Ford’s The Good Soldier

On this day in 1873 Ford Madox Ford was born (as Ford Hermann Hueffer); and on this day in 1913, his fortieth birthday, Ford “sat down to show what I could do, and The Good Soldier resulted.” Most critics rank the 1915 novel, sometimes along with Parade’s End, as his best. Many critics go much further, ranking The Good Soldier with Ulysses and The Sun Also Rises for its contribution to modernism — Ford’s book behind Joyce’s but ahead of Hemingway’s on the Modern Library Top 100 of the Century list.

Various explanations are offered as to why Ford has been comparatively forgotten. The Good Soldier is sometimes described as “a novelist’s novel” or “the best French novel in the English language” but too difficult, elusive, “Impressionist” for the mainstream reader. Others point out that Ford was as self-effacing as Joyce and Hemingway were self-promoting. For whatever reason, he adopted an avuncular role early on, choosing to be the gentleman-raconteur, the gourmet, the helpmeet of other new writers and writing (he started The English Review and The Transatlantic Review) but an “extinct volcano” himself. “If ambitious novelists should all study The Good Soldier as an example of the possibilities of narrative,” writes Julian Barnes in a recent New York Review of Books article, “they would also do well to look at Ford’s life as a prime example of negative career management.”

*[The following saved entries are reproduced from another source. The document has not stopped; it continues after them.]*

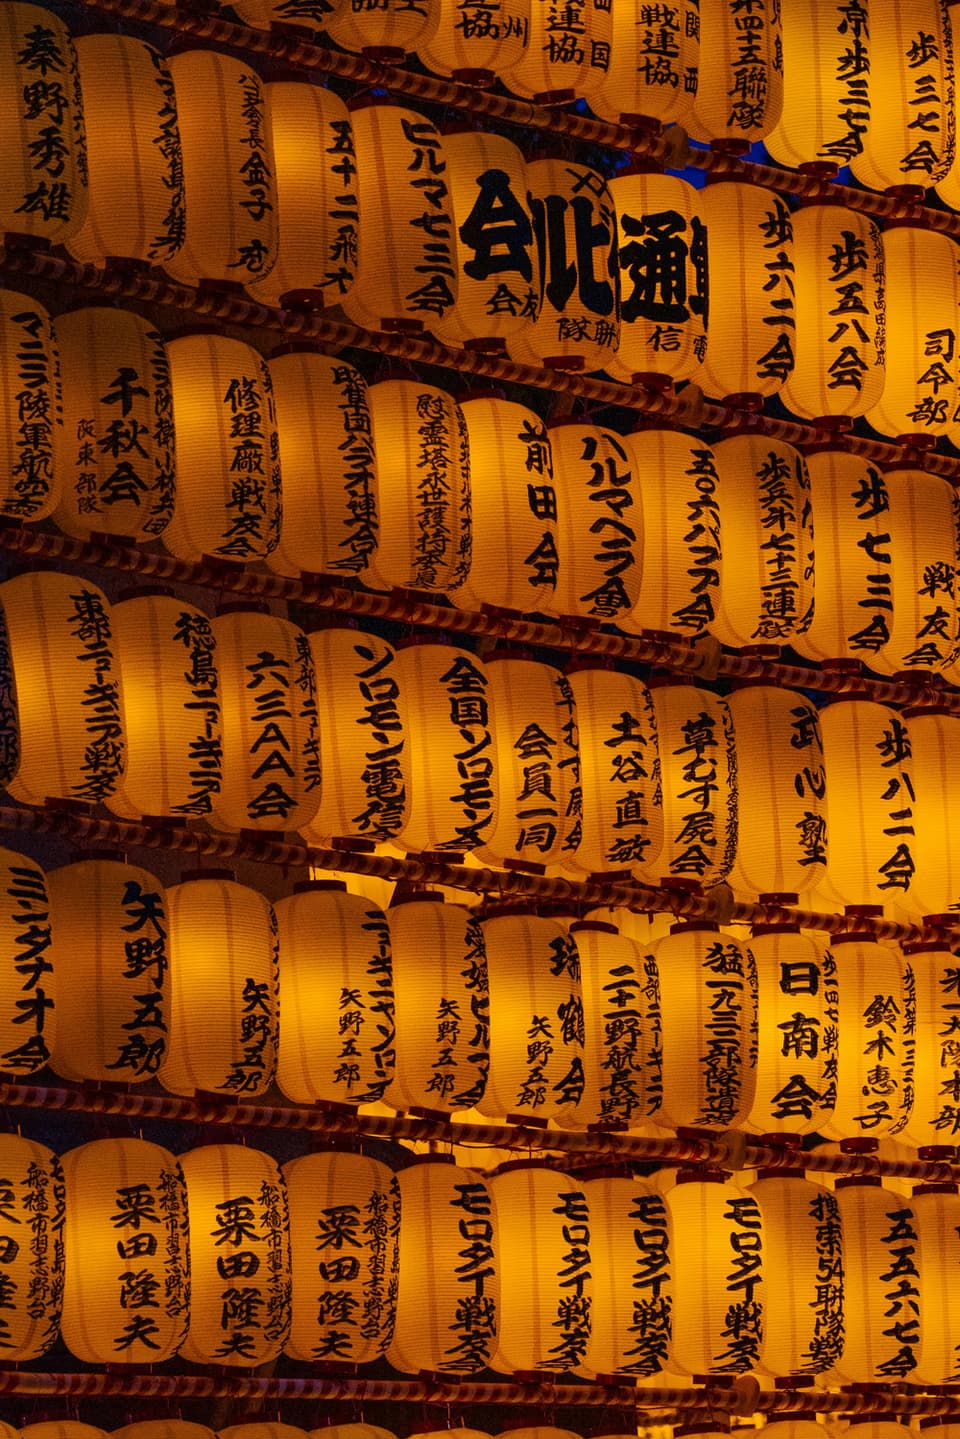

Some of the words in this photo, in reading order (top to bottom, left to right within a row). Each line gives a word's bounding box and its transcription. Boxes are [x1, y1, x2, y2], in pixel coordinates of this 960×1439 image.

[15, 24, 72, 223] 秦野秀雄
[902, 32, 941, 173] 歩三七会
[756, 200, 799, 385] 歩六二会
[826, 231, 871, 391] 歩五八会
[99, 366, 149, 506] 千秋会
[905, 327, 957, 425] 司令部
[517, 418, 560, 587] 前田会
[848, 468, 893, 651] 歩七三会
[902, 560, 953, 667] 戦友会
[513, 722, 558, 854] 会員一同
[875, 717, 917, 894] 歩八二会
[105, 879, 170, 1076] 矢野五郎
[213, 977, 277, 1093] 矢野五郎
[332, 985, 366, 1088] 矢野五郎
[424, 996, 461, 1096] 矢野五郎
[515, 1014, 555, 1110] 矢野五郎
[853, 994, 902, 1128] 鈴木恵子
[109, 1182, 163, 1351] 栗田隆夫
[208, 1194, 264, 1359] 栗田隆夫
[311, 1202, 364, 1361] 栗田隆夫
[873, 1209, 921, 1378] 五五六七会
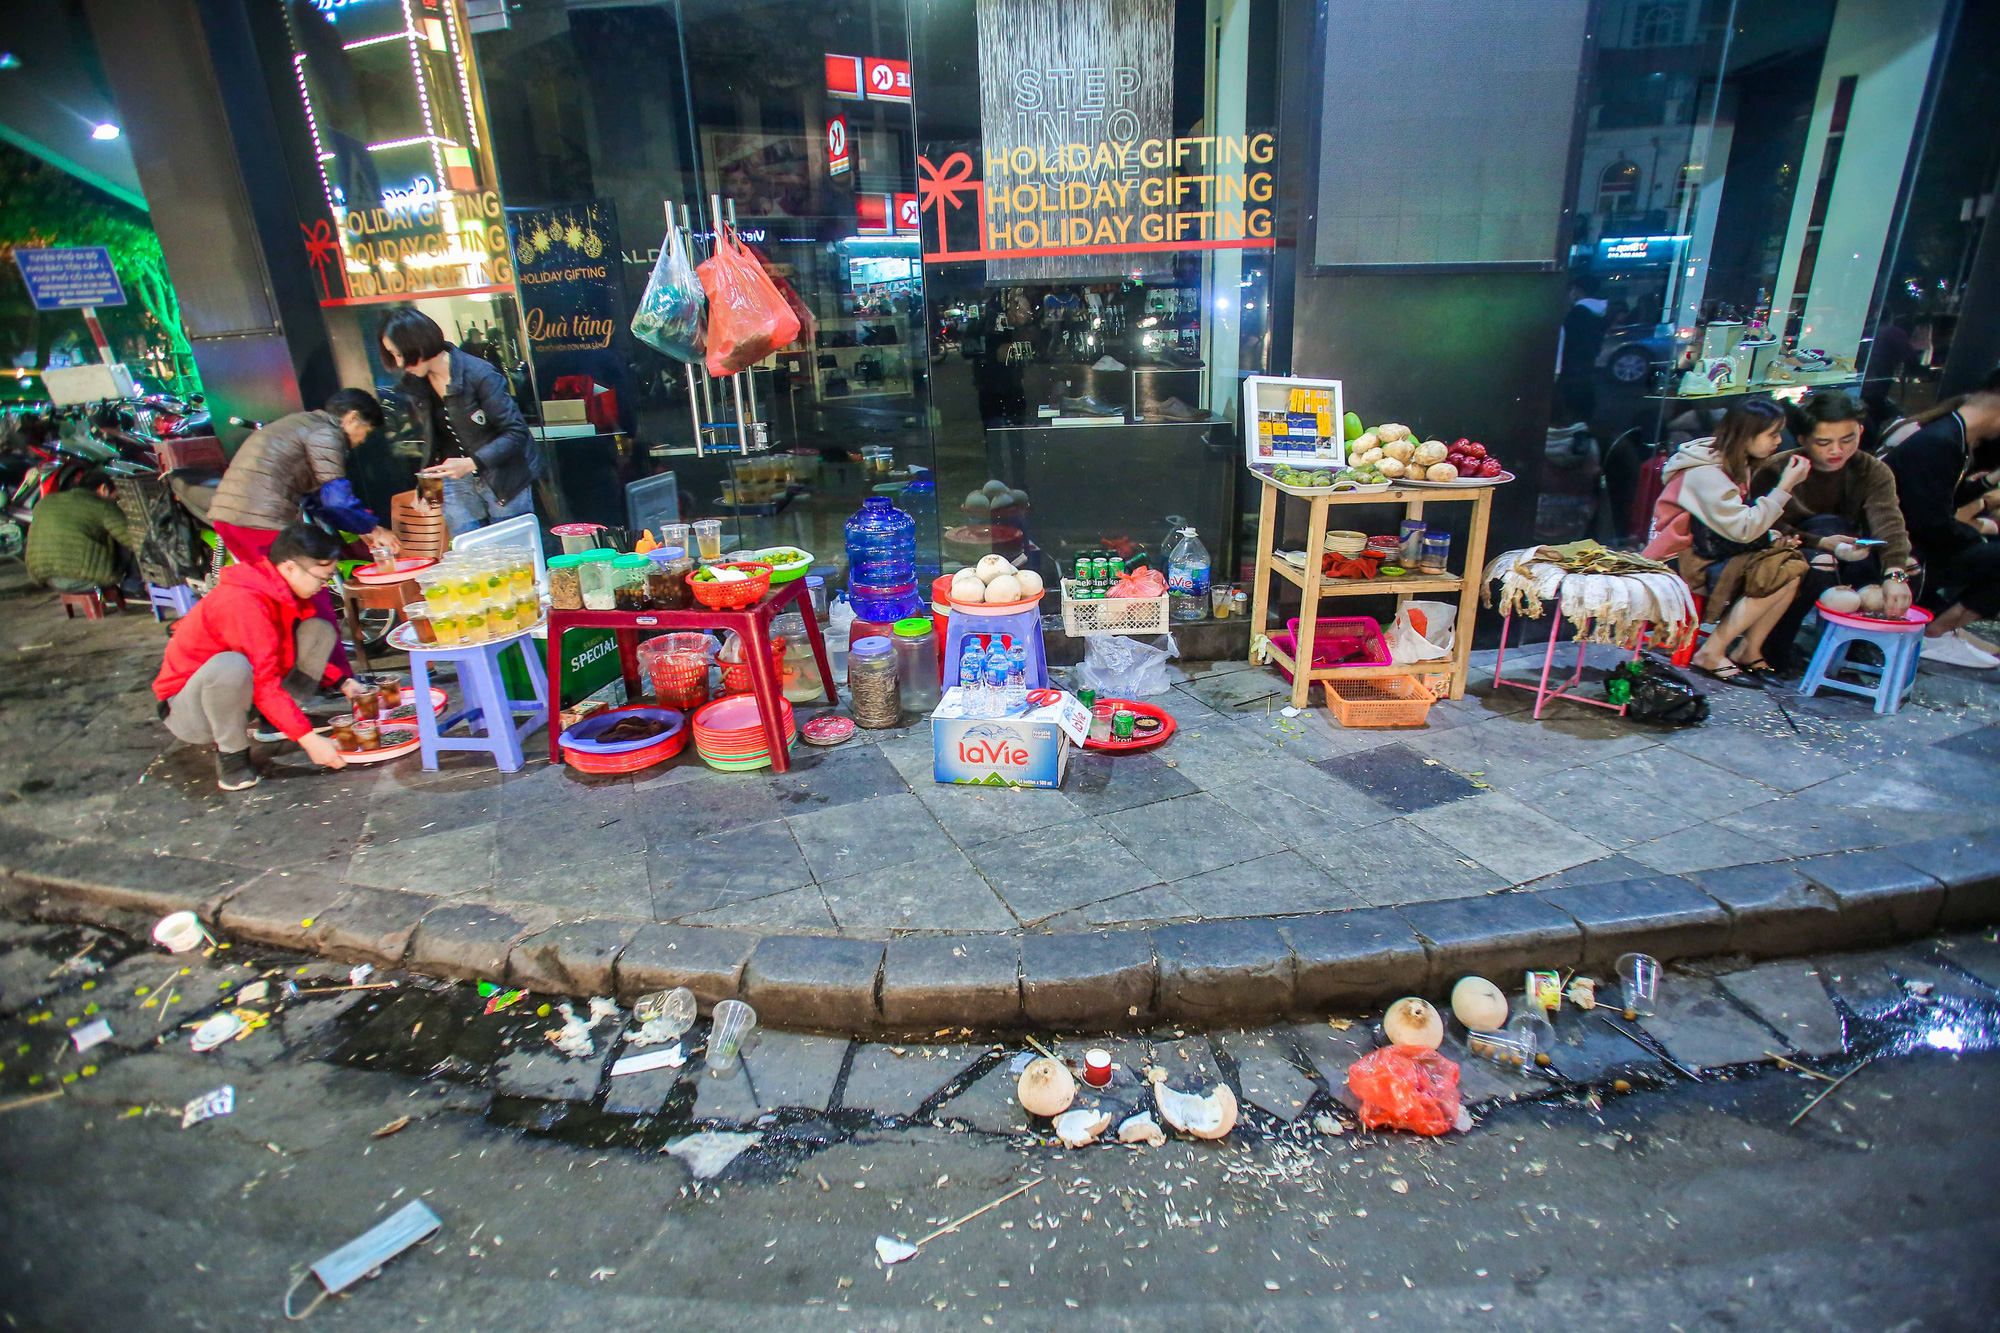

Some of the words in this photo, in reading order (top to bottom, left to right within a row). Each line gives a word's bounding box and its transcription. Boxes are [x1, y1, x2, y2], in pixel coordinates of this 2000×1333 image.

[1015, 67, 1141, 110] STEP
[1017, 109, 1141, 150] INTO
[985, 141, 1133, 176] HOLIDAY
[1140, 133, 1274, 168] GIFTING
[988, 180, 1132, 214] HOLIDAY
[1140, 172, 1273, 207] GIFTING
[424, 225, 506, 257] GIFTING
[989, 215, 1134, 249] HOLIDAY
[1140, 208, 1272, 242] GIFTING
[520, 270, 562, 284] HOLIDAY
[564, 266, 606, 281] GIFTING
[621, 248, 660, 264] ALD
[348, 266, 427, 298] HOLIDAY
[431, 257, 511, 288] GIFTING
[526, 308, 568, 341] Quà
[573, 314, 616, 348] tặng
[1170, 576, 1193, 588] aVie
[570, 637, 618, 672] SPECIAL
[958, 740, 1028, 766] laVie
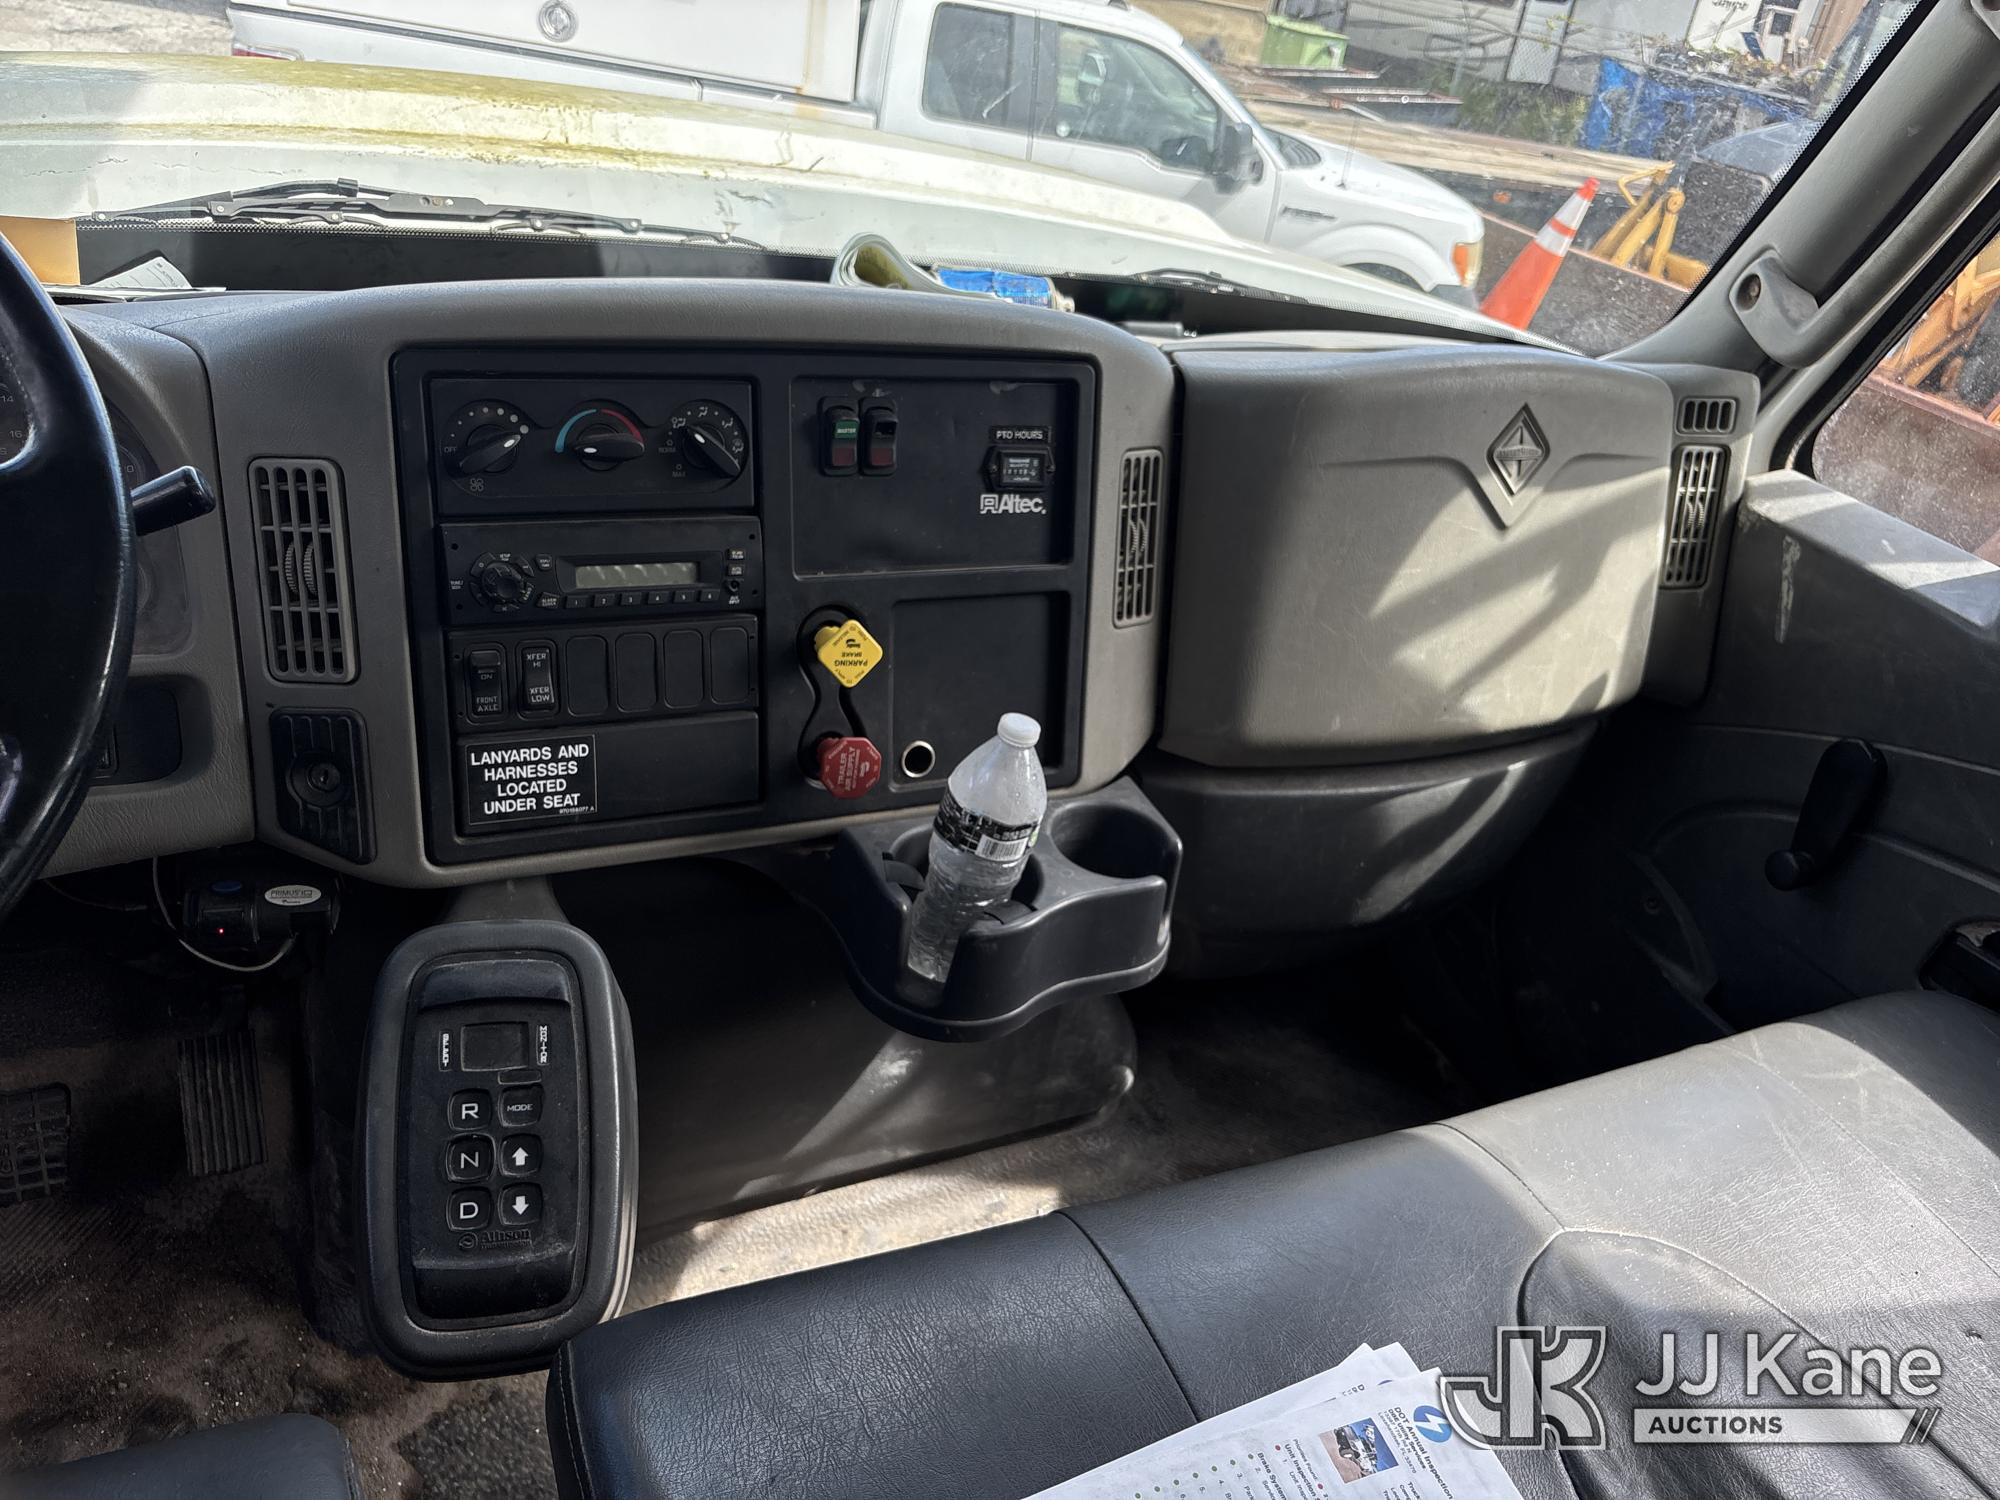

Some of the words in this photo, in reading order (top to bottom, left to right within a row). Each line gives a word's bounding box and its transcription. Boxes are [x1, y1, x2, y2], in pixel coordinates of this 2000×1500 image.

[996, 430, 1013, 440] PTO
[1014, 430, 1043, 440] HOURS
[529, 686, 550, 695] XFER
[476, 696, 498, 704] FRONT
[477, 704, 498, 712] AXLE
[471, 746, 552, 766] LANYARDS
[558, 744, 589, 759] AND
[484, 761, 578, 782] HARNESSES
[497, 778, 567, 797] LOCATED
[484, 797, 537, 815] UNDER
[543, 793, 580, 809] SEAT
[540, 1025, 548, 1063] MONITOR
[461, 1103, 479, 1120] R
[506, 1103, 534, 1112] MODE
[460, 1152, 479, 1169] N
[459, 1202, 479, 1220] D
[1393, 1405, 1409, 1425] DOT
[1405, 1424, 1427, 1455] Annual
[1422, 1454, 1454, 1500] Inspection
[1407, 1440, 1427, 1469] Services
[1257, 1451, 1272, 1473] Brake
[1284, 1443, 1296, 1458] Unit
[1291, 1458, 1317, 1497] Inspection
[1288, 1470, 1299, 1483] Unit
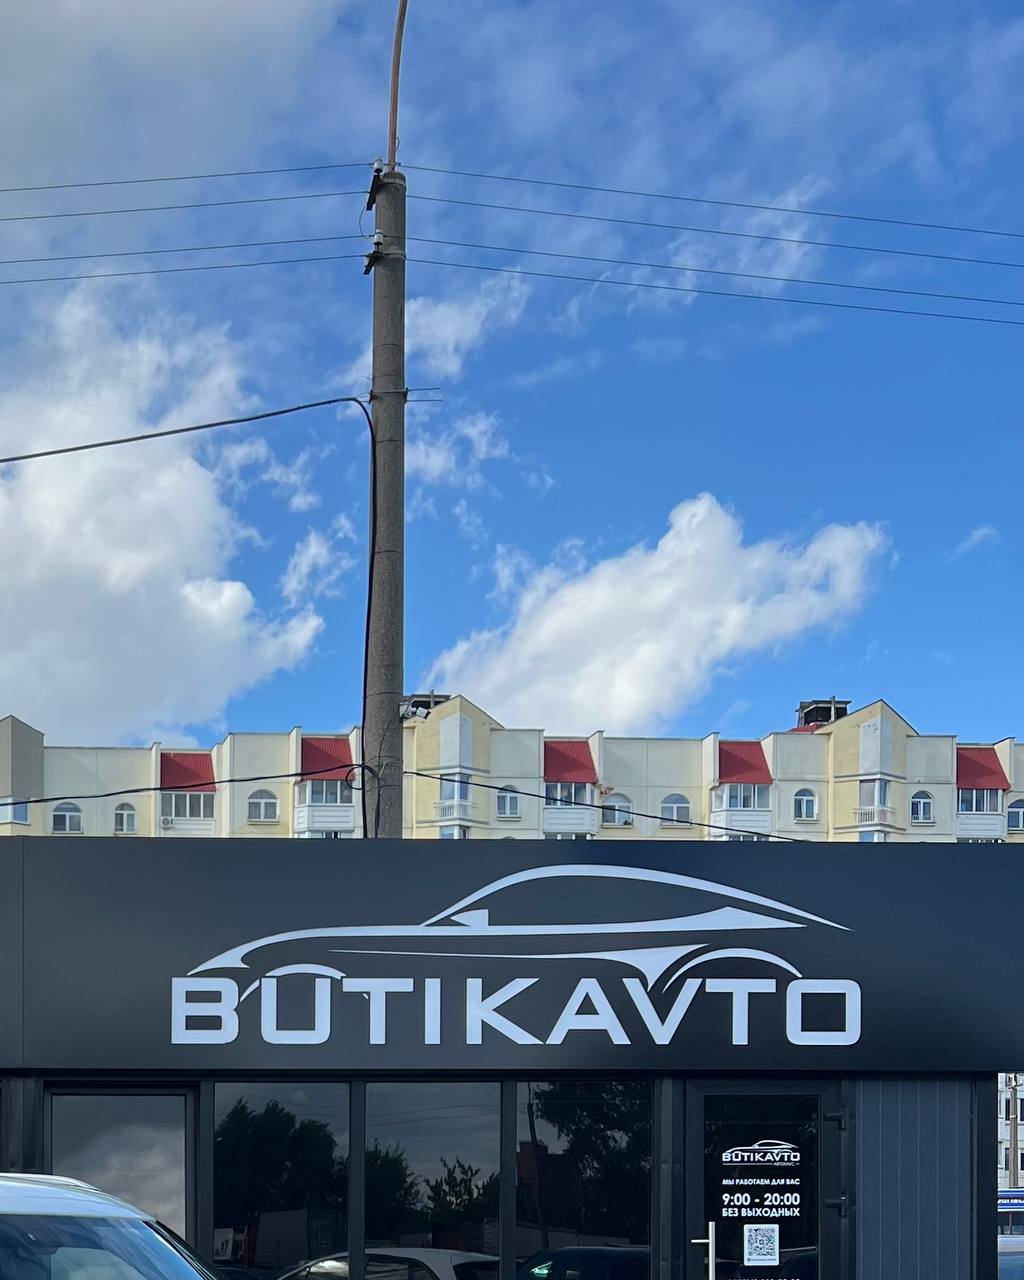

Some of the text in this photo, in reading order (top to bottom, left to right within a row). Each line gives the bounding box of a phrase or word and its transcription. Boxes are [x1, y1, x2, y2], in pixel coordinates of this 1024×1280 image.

[170, 975, 863, 1047] BUTIKAVTO
[721, 1152, 801, 1162] BUTIKAVTO
[721, 1178, 801, 1186] МЫ РАБОТАЕМ ДЛЯ ВАС
[722, 1193, 751, 1206] 9:00
[764, 1193, 801, 1206] 20:00
[722, 1208, 801, 1219] БЕЗ ВЫХОДНЫХ

One set of anecdotes from 1913-14, related by Ford, Wyndham Lewis, Augustus John, Osbert Sitwell and others, paints a fascinating picture of Ford’s moment in history. Although older than Ezra Pound and Lewis, Ford was part of their Imagism-Vorticism-Futurism crowd, and would go with them to “The Cave of the Golden Calf,” a basement Soho nightclub run by Frieda Strindberg (the playwright’s third wife). It had been, recalls Ford, “hideously but relevantly frescoed” by Lewis, with “the heads of hawks, cats, camels” cut into pillars; patrons could dine, or just drink and dance, or watch “violent, Vorticist assaults on the drama.” Some of these were written by Ford, and perhaps he too would sometimes “dance those obsolete Vorticist dances, the Turkey Trot and the Bunny Hug,” but the picture he paints in his memoirs is that of one too old or old-fashioned to join in as the others “pranced and roared and blew blasts on their bugles and round them the monuments of London tottered.” Ford says that he saw one of those monuments, a young Edward VIII, dancing at the Golden Calf. He also says that it was after one such evening that he went home and wrote The Good Soldier, this an “Edwardian tragedy” in which the world seems to crumble no matter who bugles, who soldiers on, and who abdicates.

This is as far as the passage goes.